Christine Keiko Agena (born October 3, 1973) is an American actress. She is mostly known for playing Lane Kim in Gilmore Girls and NYPD medical examiner Dr. Edrisa Tanaka on FOX's crime drama Prodigal Son (2019–2021).

Personal life
Agena, of Japanese descent, was born in Honolulu, and began acting at the age of 10. She attended Mid-Pacific Institute preparatory school in Oʻahu, and Whitman College for one year as a drama major.

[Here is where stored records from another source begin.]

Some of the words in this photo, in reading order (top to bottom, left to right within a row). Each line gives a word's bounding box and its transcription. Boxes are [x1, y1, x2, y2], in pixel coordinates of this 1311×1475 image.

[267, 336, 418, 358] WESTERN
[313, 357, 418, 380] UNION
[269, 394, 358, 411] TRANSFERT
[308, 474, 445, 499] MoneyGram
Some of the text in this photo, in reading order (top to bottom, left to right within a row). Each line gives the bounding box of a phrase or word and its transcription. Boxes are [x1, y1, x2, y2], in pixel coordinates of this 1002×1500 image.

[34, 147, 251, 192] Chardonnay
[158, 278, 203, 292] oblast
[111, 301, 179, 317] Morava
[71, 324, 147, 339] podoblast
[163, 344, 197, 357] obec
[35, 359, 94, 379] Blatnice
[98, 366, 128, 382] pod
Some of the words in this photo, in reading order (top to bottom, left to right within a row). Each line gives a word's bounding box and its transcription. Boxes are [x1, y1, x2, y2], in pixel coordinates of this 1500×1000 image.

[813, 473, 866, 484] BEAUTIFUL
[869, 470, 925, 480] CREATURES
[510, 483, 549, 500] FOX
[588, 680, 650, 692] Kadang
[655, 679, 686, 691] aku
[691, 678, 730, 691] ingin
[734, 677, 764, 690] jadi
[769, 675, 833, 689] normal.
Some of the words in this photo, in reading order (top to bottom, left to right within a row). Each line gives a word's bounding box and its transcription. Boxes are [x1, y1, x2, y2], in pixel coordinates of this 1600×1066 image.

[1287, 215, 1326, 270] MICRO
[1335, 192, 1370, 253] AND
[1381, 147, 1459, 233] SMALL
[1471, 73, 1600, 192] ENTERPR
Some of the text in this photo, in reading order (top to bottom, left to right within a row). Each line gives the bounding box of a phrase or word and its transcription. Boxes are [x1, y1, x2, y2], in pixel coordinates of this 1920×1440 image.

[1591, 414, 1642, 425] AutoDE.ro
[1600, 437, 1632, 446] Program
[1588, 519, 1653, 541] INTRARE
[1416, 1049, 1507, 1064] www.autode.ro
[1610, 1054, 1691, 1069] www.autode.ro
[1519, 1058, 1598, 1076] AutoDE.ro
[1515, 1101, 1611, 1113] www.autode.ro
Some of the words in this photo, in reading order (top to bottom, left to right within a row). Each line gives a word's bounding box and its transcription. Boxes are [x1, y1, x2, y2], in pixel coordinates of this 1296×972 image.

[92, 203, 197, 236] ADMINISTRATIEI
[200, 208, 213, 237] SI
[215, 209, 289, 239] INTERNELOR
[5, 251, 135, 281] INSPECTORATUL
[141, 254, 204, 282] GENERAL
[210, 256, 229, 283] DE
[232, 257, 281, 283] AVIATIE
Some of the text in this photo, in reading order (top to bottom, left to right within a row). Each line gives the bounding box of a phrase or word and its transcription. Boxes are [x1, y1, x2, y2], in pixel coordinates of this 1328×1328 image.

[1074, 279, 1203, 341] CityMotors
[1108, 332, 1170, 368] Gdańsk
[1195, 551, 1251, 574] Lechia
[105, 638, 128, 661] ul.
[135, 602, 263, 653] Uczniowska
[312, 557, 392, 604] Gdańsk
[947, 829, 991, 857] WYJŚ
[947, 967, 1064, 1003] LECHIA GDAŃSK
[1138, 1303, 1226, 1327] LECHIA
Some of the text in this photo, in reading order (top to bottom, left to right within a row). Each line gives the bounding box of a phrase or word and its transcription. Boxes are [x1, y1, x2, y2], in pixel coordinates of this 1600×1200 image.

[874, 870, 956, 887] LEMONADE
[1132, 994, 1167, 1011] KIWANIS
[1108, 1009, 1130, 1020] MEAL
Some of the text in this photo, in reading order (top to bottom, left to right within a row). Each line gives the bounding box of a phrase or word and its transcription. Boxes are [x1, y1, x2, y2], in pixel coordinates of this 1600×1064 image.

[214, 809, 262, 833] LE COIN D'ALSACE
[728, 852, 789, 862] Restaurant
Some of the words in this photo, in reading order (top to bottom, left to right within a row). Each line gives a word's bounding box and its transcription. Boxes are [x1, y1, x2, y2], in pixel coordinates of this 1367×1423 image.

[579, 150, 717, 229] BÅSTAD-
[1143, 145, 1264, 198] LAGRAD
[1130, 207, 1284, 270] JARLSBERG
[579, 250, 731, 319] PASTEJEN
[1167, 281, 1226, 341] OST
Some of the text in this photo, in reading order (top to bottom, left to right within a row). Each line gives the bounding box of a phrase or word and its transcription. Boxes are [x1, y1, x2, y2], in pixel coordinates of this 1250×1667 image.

Agena married Shin Kawasaki in a helicopter over Las Vegas, Nevada on December 19, 2005.

Career
Agena is best known for her role in Gilmore Girls, where she played Lane Kim, a Korean-American teenager who is the best friend of Rory Gilmore, one of the lead characters. Agena played this role despite being significantly older than her character, who was 16 at the start of the series, when Agena was 27. Agena has also played the role of Mearing's Aide, Mearing being played by Frances McDormand, in Transformers: Dark of the Moon. Agena also appeared in three episodes of Felicity as Leila Foster, a girl who comes to the lead character for assistance in acquiring the morning-after pill and participates in a protest when denied the medication. She was a recipient of the Best Female Actor award in the Ammy Awards, which honor Asian and Asian-American achievement in film or television. She also provided the voice of Yori in the Disney cartoon series Kim Possible in seasons 2, 3, and 4 of the show. Also, Agena played Jun Ni in the movie Hair Show starring Mo'Nique. She guest-starred on Private Practice, Castle, and episode 12 of the final season of ER. She also appeared in Private Valentine: Blonde & Dangerous alongside Jessica Simpson as an army private. In 2010, she appeared onstage in No-No Boy in Santa Monica, California. She later appeared in an episode of House as Dr. Cheng.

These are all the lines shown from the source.